SSM264 C. elegans rad-51(iow53[GFP::rad-51]) IV/nT1[qIs51] (IV;V). Show Description
Heterozygotes are wild-type with pharyngeal-expressed GFP, and segregate wild-type GFP+(pharynx) heterozygotes, arrested nT1[qIs51] homozygotes, and viable non-GFP(pharynx) rad-51(iow53[GFP::rad-51]) homozygotes. Balancer is prone to breaking down. If a population contains a mix of bright and dim GFP animals, pick dim GFP and check for correct segregation of progeny to maintain. iow53 inserted a GFP tag at the N-terminus of the endogenous rad-51 locus, but the tagged protein is not fully functional. non-GFP(pharynx) rad-51(iow53[GFP::rad-51]) homozygotes form GFP foci in the germline that are mostly spo-11 dependent, and GFP::rad-51 homozygotes have defects in unloading RAD-51. Created by CRISPR using pDD282, therefore may also contain 3XFLAG. Reference: Koury E, et al. Nucleic Acids Res. 2018 Jan 25;46(2):748-764.

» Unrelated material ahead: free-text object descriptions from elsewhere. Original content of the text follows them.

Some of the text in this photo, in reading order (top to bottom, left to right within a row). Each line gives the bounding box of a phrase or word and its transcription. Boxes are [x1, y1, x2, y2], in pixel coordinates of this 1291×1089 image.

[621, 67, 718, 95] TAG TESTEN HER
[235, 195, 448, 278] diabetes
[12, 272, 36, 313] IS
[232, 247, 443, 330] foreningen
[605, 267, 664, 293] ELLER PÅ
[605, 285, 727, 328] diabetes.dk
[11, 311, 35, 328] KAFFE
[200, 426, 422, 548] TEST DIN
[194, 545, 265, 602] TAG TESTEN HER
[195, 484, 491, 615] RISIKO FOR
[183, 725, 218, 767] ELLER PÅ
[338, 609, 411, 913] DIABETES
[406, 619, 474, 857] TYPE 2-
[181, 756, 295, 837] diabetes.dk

SSM491 C. elegans ubc-9(iow97[3xFLAG::ubc-9]) IV/nT1[qIs51] (IV;V). Show Description
Heterozygotes are wild-type with pharyngeal-expressed GFP, and segregate wild-type GFP+(pharynx) heterozygotes, arrested nT1[qIs51] homozygotes, and viable non-GFP(pharynx) ubc-9(iow97[3xFLAG::ubc-9]) homozygotes. Maintain the strain by picking wild-type GFP+ worms and checking for correct segregation of progeny. iow97 was created by CRISPR/Cas9 insertion of a 3xflag tag at the N-terminus of the endogenous ubc-9 locus; however, the tagged protein is not fully functional. SSM491 is a replacement for SSM291: analysis shows that in all parameters tested, SSM491 is identical to SSM291, which was genetically unstable and prone to breaking down. Reference: Reichman R, et al. Genetics. 2018 Apr;208(4):1421-1441.
SV124 C. elegans lin-5(ev571) II. Show Description
Temperature sensitive - maintain at 15C. Recessive loss-of-function stronger with increases in temperature, nearly WT at 15C. At the non-permissive temperature DNA replication continues in the absence of mitosis. Mutants enter mitosis at the normal time and form bipolar spindles, but fail chromosome alignment at the metaphase plate, sister chromatid separation and cytokinesis. Molecular lesion is a 9 bp duplication followed by a T to C transversion. Mutagen was EMS but mutation likely caused by polymerase slippage.